1. In isochoric process (V= const) the gas does no work, A= 0. Therefore,

The first law of thermodynamics for an isobaric process gives:

With isobaric expansion Q> 0 - heat is absorbed by the gas, and the gas does positive work. With isobaric compression Q < 0 - тепло отдается внешним телам. В этом случае A < 0. Температура газа при изобарном сжатии уменьшается, T 2 < T one ; internal energy decreases, Δ U < 0.

3. In isothermal process the gas temperature does not change, therefore, the internal energy of the gas, Δ U = 0.

3. The first law of thermodynamics for an isothermal process is expressed by the relation

Quantity of heat Q, obtained by the gas in the process of isothermal expansion, turns into work on external bodies. Under isothermal compression, work external forces produced over the gas is converted into heat, which is transferred to the surrounding bodies.

Along with isochoric, isobaric and isothermal processes Thermodynamics often considers processes occurring in the absence of heat exchange with surrounding bodies. Vessels with insulating walls are called adiabatic shells, and the processes of gas expansion or compression in such vessels are called adiabatic.

AT adiabatic processQ= 0; so the first law of thermodynamics takes the form

i.e., the gas does work due to the loss of its internal energy.

On surface ( p, V) the process of adiabatic expansion (or compression) of a gas is represented by a curve called adiabatic. During adiabatic expansion, the gas does positive work ( A> 0); therefore its internal energy decreases (Δ U < 0). Это приводит к понижению температуры газа. Вследствие этого давление газа при адиабатическом расширении убывает быстрее, чем при изотермическом (рис. 3.9.2).

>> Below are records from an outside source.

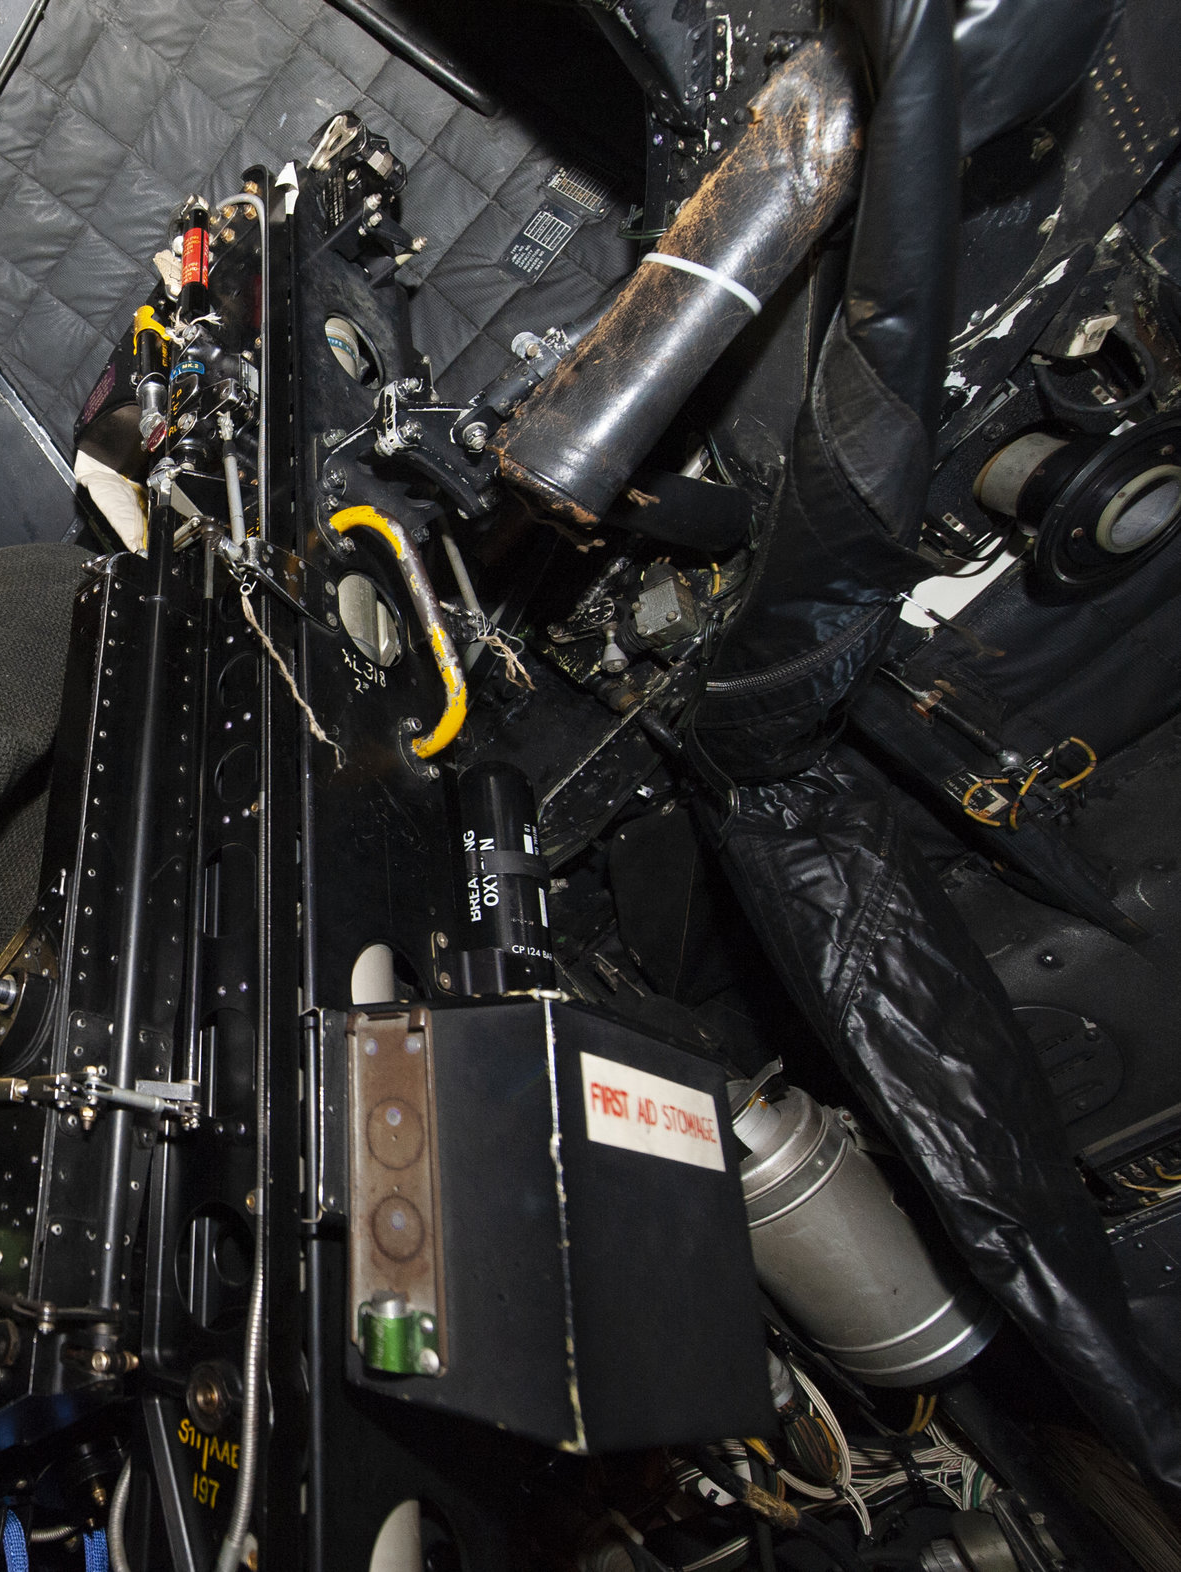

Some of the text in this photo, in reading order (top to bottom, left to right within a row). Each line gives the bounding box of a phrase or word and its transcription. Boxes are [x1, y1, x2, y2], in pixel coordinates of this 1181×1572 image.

[518, 249, 534, 268] CAPACITY
[512, 944, 526, 954] CP
[527, 946, 541, 957] 124
[591, 1082, 717, 1144] FIRST AID STOWAGE
[192, 1472, 220, 1510] 197

In thermodynamics, an equation for an adiabatic process is derived for ideal gas. In coordinates ( p, V) this equation has the form

This ratio is called Poisson equation . Here γ = Cp / CV- adiabatic index, Cp and CV- heat capacity of gas in processes with constant pressure and constant volume. For a monatomic gas

for diatomic

for polyatomic

The work done by a gas in an adiabatic process is simply expressed in terms of temperatures T 1 and T 2 initial and final states:

An adiabatic process can also be classified as an isoprocess. In thermodynamics, a physical quantity plays an important role, which is called entropy . The change in entropy in any quasi-static process is equal to reduced heat Δ Q / T received by the system. Since in any part of the adiabatic process Δ Q= 0, the entropy in this process remains unchanged.

An adiabatic process (as well as other isoprocesses) is a quasi-static process. All intermediate states of the gas in this process are close to the states of thermodynamic equilibrium. Any point on the adiabat describes an equilibrium state.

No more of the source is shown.